A Month Alone In: India
by The Hairpin
Writer Shona Sanzgiri took a trip to India last year, and we asked him about it.
Edith Zimmerman: Shona, how was it, and how did you end up there?
Shona Sanzgiri: India was a mixed bag. And that was my fault. After a bad breakup, I was — surprise — depressed, exhausting my friends, and in a wallowing binge. And what a theatrical bummer: one night I ate an expensive dinner alone and tore up a 200 page manuscript I’d worked on for three years. Smart.
In general I was desperate for social interaction, but whenever someone paid me any attention, I deflected them with my neediness. I had nothing to say and couldn’t engage with people in ways that weren’t about my perceived suffering. So a vacation sounded like a good idea, preferably to a place that required me to be present.
Coincidentally I had been working on a documentary about India at that time. It attracted a little bit of money and started to seem like it was really going to happen. And I knew that sooner or later I’d have to actually go there and chart the logistics. Having family in Bombay, I decided to start there.
How did you end up on the … memorable train ride you described in your email?
Right, the most ominous 14-hour train ride ever.
After two weeks in Bombay, doing little besides visiting mosques and museums and drinking rotgut gin at night, I was antsy. It’s a beautiful city, with gothic architecture, swaying palm trees, all specimen of humanity on display. Visually, it’s never a dull moment. But meeting people there is damn near impossible. Most travelers stay for a couple days then head elsewhere.
By this point, my documentary was in limbo. I was still freelancing for a few magazines and newspapers, and one of my editors asked me to check out the Goa Literary Festival.
Goa is a beach state four hundred miles south of Bombay, and the preferred getaway for Russian Mafioso, trance DJs from Israel, and the kind of leering ex-cons who hole up in Asian backwaters. It’s not the first place that comes to mind if you’re looking for literary culture. It’s more ‘Margaritaville on acid’ than Chapel Hill, let’s say. But The New Yorker’s Teju Cole and Heems from Das Racist were going to be there.
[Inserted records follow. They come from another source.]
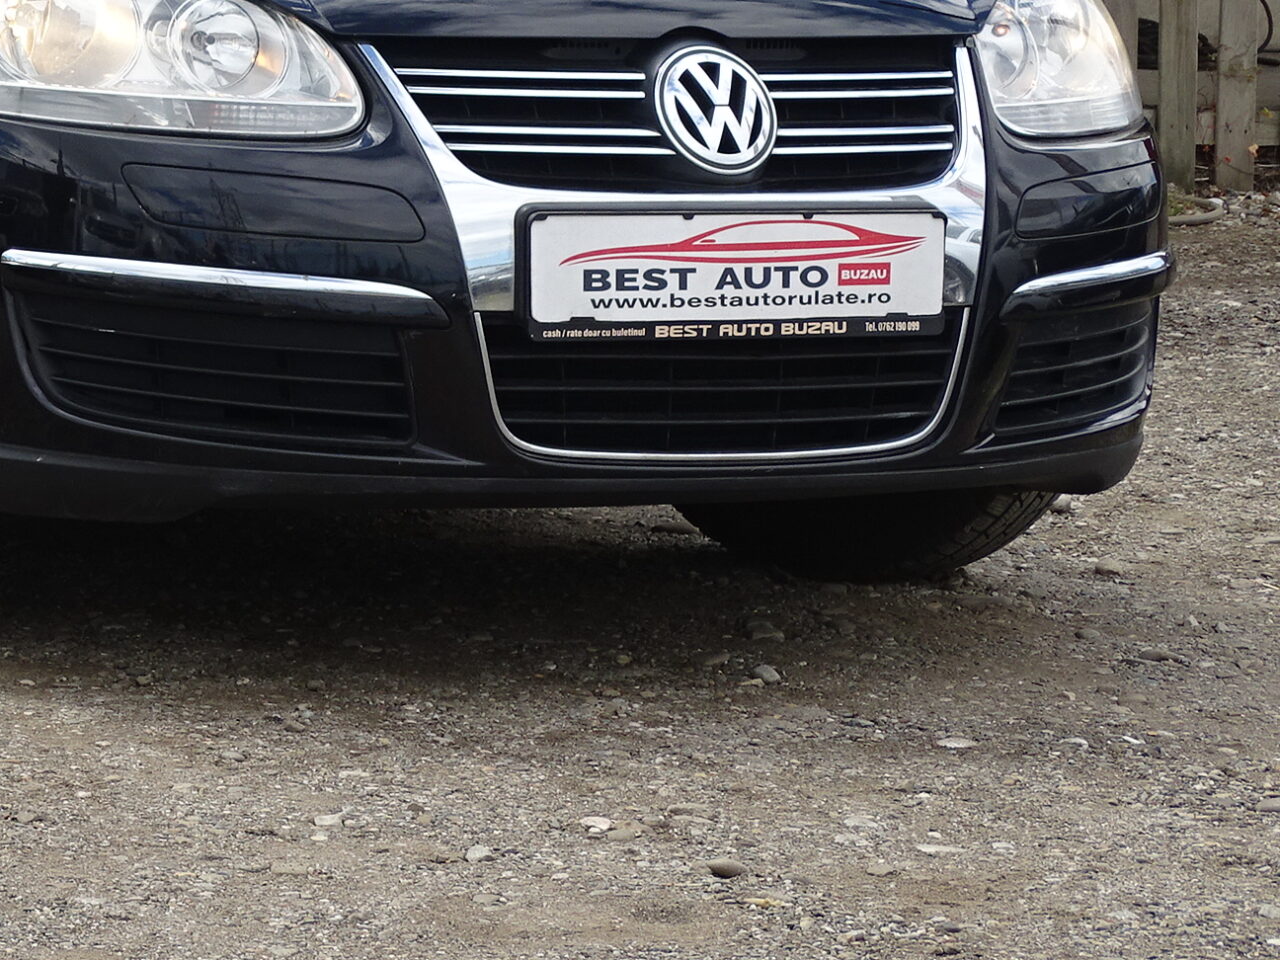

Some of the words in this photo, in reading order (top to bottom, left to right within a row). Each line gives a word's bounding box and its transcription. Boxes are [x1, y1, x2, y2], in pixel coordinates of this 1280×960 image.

[582, 267, 697, 292] BEST
[714, 264, 830, 290] AUTO
[840, 267, 888, 281] BUZAU
[590, 291, 892, 309] www.bestautorulate.ro
[543, 328, 561, 338] cash
[567, 329, 583, 338] rate
[583, 328, 601, 338] doar
[601, 329, 611, 337] cu
[612, 328, 646, 337] buletinul
[655, 324, 712, 338] BEST
[719, 323, 773, 337] AUTO
[781, 321, 847, 335] BUZAU
[865, 321, 877, 332] Tel.
[878, 321, 895, 332] 0762
And then if that didn’t work out, I planned on knocking back any and all drinks containing umbrellas in them.
Instead of taking an hour long plane ride like a sensible person, I bought a ticket for a train departing at midnight from a station in Bombay that, by the looks of it, neighbored both a swamp and slum. Even at that hour, the place was packed with people, mostly men, just milling around, sleeping on the ground, smoking cigarettes, stray dogs and mosquitoes galore. The schedule in the station estimated that the trip would take 11 hours. Then the train got delayed, so I was now three hours early, and very thirsty.
One thing about India is that you need to carry small bills. Anything over a 100 rupee note and good luck getting change. For some reason, I only had big bills. I relented and forked over something like 500 rupees for a bottle of water — 20 times the asking price.
Around 2 a.m. I boarded the train and found my ‘bed.’ I’m 6’3″ and 190 lbs. This wasn’t a bed, it was a bench made for someone half my size. I leaned back with my feet hanging two feet off the edge, and strapped the laptop to my chest. For the next 14 hours, I lay there listening to the conductor and a passenger yell at each other in the next compartment. Sometimes the conductor would disappear and I thought it was bedtime. Instead he would storm back in every half hour to trade insults. I could also hear what sounded like people jumping on, and off, the train throughout the night.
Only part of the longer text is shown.